▶ [DIRECTIONS]: Down to the last line, reproduce the data that follows, but skip the pictures.

▶ [AVAILABLE RECORDS]:
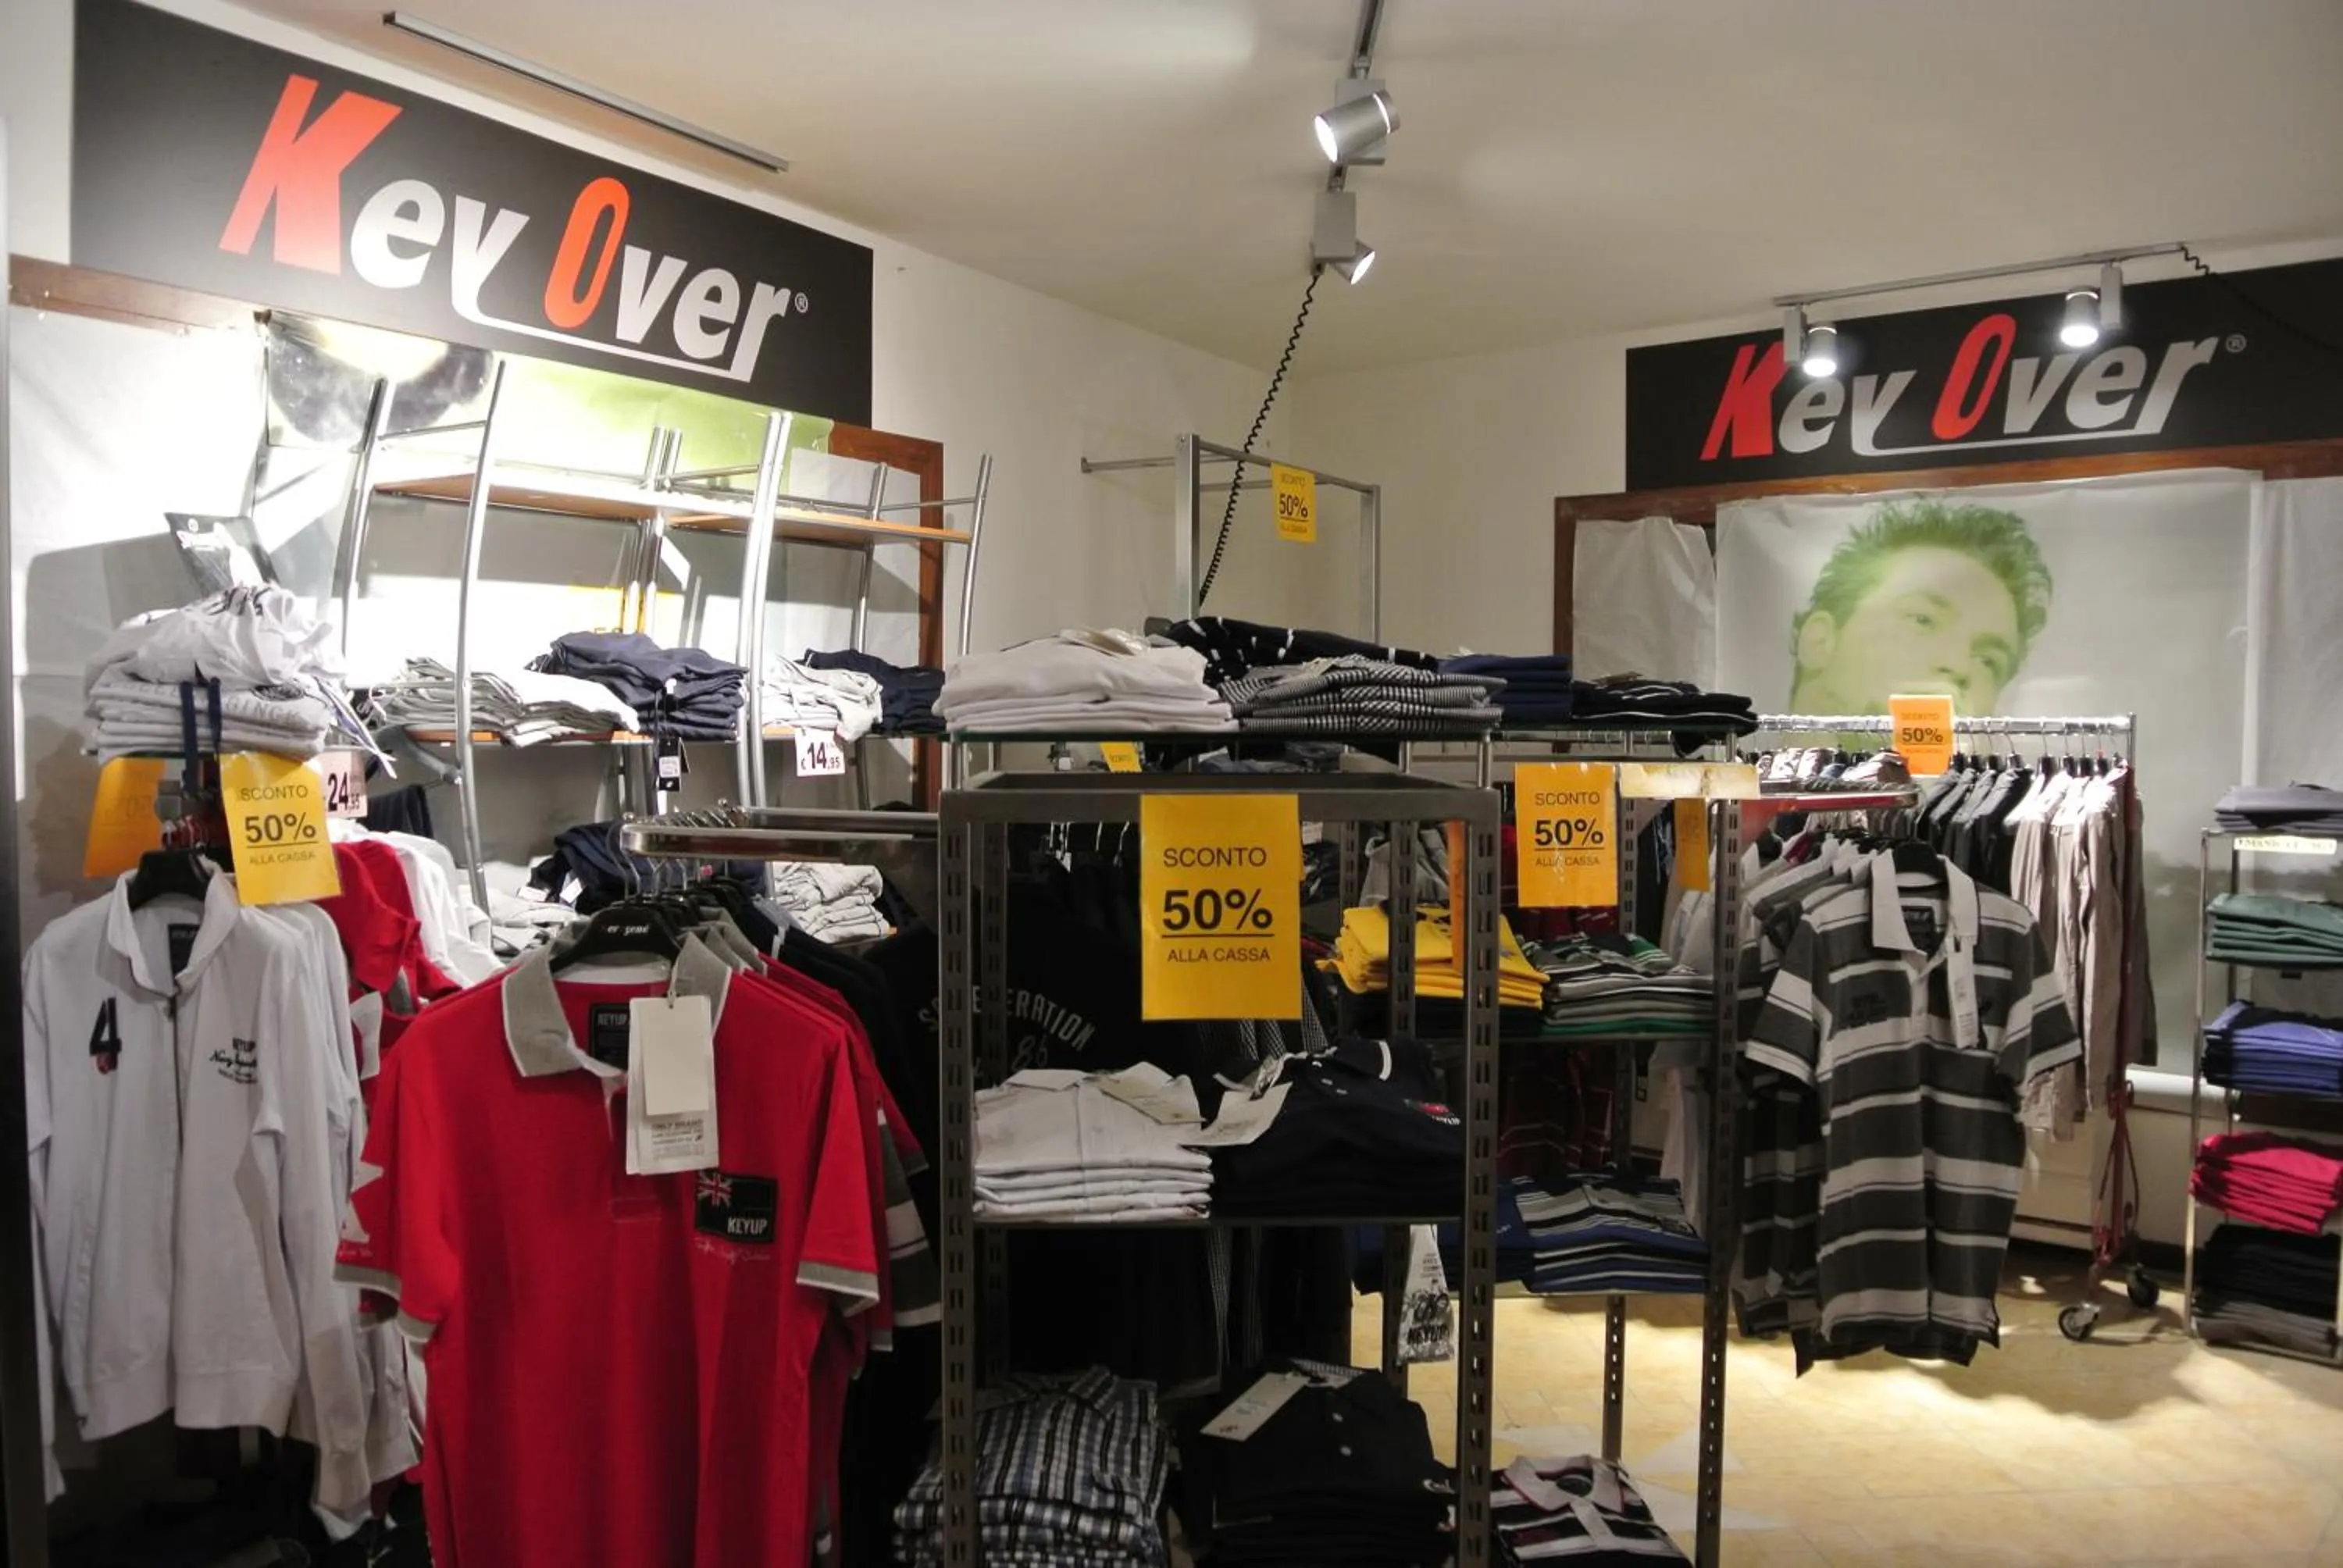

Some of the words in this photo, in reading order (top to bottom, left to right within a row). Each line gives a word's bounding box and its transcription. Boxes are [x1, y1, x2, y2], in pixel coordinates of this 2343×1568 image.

[219, 73, 530, 322] Key
[1700, 340, 1917, 461] Key
[1279, 493, 1308, 519] 50%
[1902, 727, 1944, 743] 50%
[240, 785, 308, 801] SCONTO
[1535, 791, 1601, 806] SCONTO
[244, 812, 316, 843] 50%
[1535, 818, 1603, 846] 50%
[249, 851, 275, 864] ALLA
[277, 849, 316, 862] CASSA
[1163, 847, 1267, 868] SCONTO
[1535, 857, 1560, 867] ALLA
[1564, 855, 1600, 866] CASSA
[1163, 888, 1273, 931] 50%
[1168, 947, 1208, 962] ALLA
[1213, 947, 1271, 962] CASSA
[727, 1217, 768, 1235] KEYUP

▶ [RESPONSE AREA]:
Some of the words in this photo, in reading order (top to bottom, left to right within a row). Each line gives a word's bounding box and its transcription. Boxes are [x1, y1, x2, y2], in pixel coordinates of this 2343×1568 image.

[219, 73, 530, 322] Key
[1700, 340, 1917, 461] Key
[1279, 493, 1308, 519] 50%
[1902, 727, 1944, 743] 50%
[240, 785, 308, 801] SCONTO
[1535, 791, 1601, 806] SCONTO
[244, 812, 316, 843] 50%
[1535, 818, 1603, 846] 50%
[249, 851, 275, 864] ALLA
[277, 849, 316, 862] CASSA
[1163, 847, 1267, 868] SCONTO
[1535, 857, 1560, 867] ALLA
[1564, 855, 1600, 866] CASSA
[1163, 888, 1273, 931] 50%
[1168, 947, 1208, 962] ALLA
[1213, 947, 1271, 962] CASSA
[727, 1217, 768, 1235] KEYUP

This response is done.